The Tide Below
Chapter 1: A Perfect Summer Morning
The beach did not understand, at first, that it was afraid.
Paradise Bay remained what it had been a heartbeat before: bright umbrellas tilted against the sun, children shrieking over buried treasure in the sand, a vendor calling out chilled drinks in a voice already thinning in the heat. The sea glittered with that same holiday innocence, a sheet of hammered blue beyond the line of bathers.
Then the small wrongnesses began.
Near the rocks at the eastern edge of the bay, the shallows emptied in a hurry. Tiny silver fish flashed once in the sun and vanished as if a hand had swept them away. The gulls overhead, which had been wheeling and crying lazily all morning, broke into a scattered arc and drifted farther from shore. On the pier, Jonah Reed lowered his binoculars and frowned at the water, his gaze following the sudden stir in the surf.
“That’s not normal,” he said, more to himself than anyone nearby.
Below the lifeguard chair, Mara Venn had gone rigid. She was looking past the swimmers, past the bobbing heads and lazy strokes, to the line where the sea met the pale sand. Her expression changed by degrees: annoyance first, then caution, then a hard, narrowed focus.
She listened.
Not to the music, not to the laughter, but to the water.
“Out,” she called.
A few people turned. One man laughed, thinking it a routine warning, but the sound died when Mara shouted again, sharper this time.
“Out of the water. Now.”
The child near the sandcastle was the first to point. Her small finger trembled toward the shallows, her face drained of color.
“There,” she whispered. “Mum—there’s something under there.”
Her mother followed the gesture. Jonah did too, stepping to the edge of the pier and leaning over the rail. For one suspended instant the water looked oddly clear, almost too calm, as though the bay itself had gone still to listen.
Then a dark shape moved beneath the surface.
Not a shadow passing over the sand. Not a fish.
Something long and gray turned in the shallows, too smooth in its motion, too deliberate. A fin cut the water a heartbeat later. Another flashed farther out, then vanished. The air changed with the sight of them. People stopped talking. A towel dropped in the sand and nobody reached for it.
Mara was already running.
A scream split the beach.
The water erupted in a violent burst of spray and thrashing limbs. Someone stumbled backward out of the foam, clutching a bleeding arm. Another swimmer went under with a cry cut short by the crashing rush around them. Fins sliced through the white water near the shore, circling with a sickening speed that looked less like panic than intent.
The beach broke apart.
People ran in every direction, tripping over bags, children, coolers, each other. Umbrellas toppled. A man dragged a woman by the wrist toward the promenade. Mara waded in up to her knees, then her waist, hauling one stunned swimmer clear as another wave of chaos surged around her.
From the pier, Jonah stared at the water with a cold, tightening dread.
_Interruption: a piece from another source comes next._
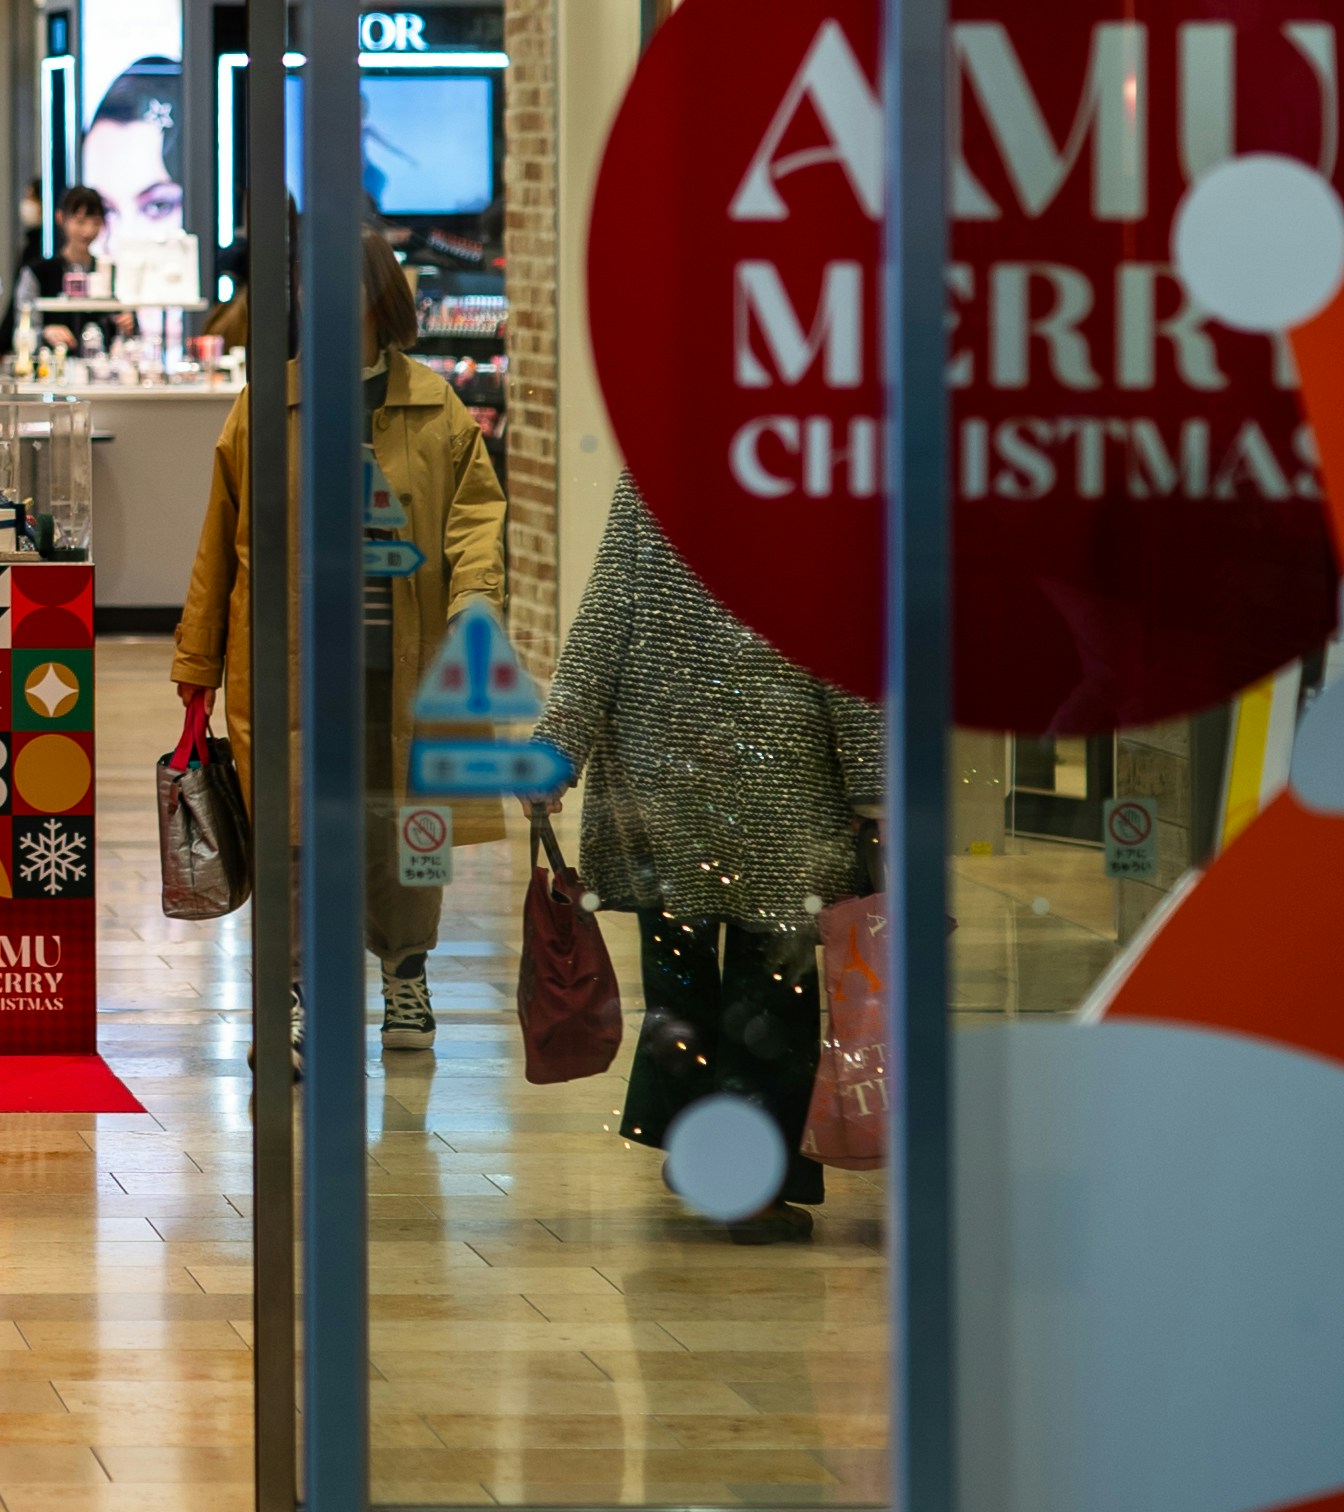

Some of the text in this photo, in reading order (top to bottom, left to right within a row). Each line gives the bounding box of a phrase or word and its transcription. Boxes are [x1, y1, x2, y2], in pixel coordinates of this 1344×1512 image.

[358, 11, 431, 51] OR
[727, 17, 1342, 223] AMU
[734, 261, 1302, 391] MRR
[407, 855, 443, 866] ドアに
For one impossible moment, just beneath the churn of the shallows, he thought he saw something larger than the sharks themselves—a shape too deep to make sense, moving where sunlight should not have reached.
And then the crowd swallowed the sight, and the bay became only terror and red water.
The first attack had begun, and Paradise Bay would never feel safe again.
The child who had pointed first was crying somewhere in the crush, her mother shouting her name into the noise. Jonah turned that way instinctively, and Mara’s head snapped toward the same place, already tracking the source of the panic with the clean, practiced focus of someone used to deciding quickly who needed saving first.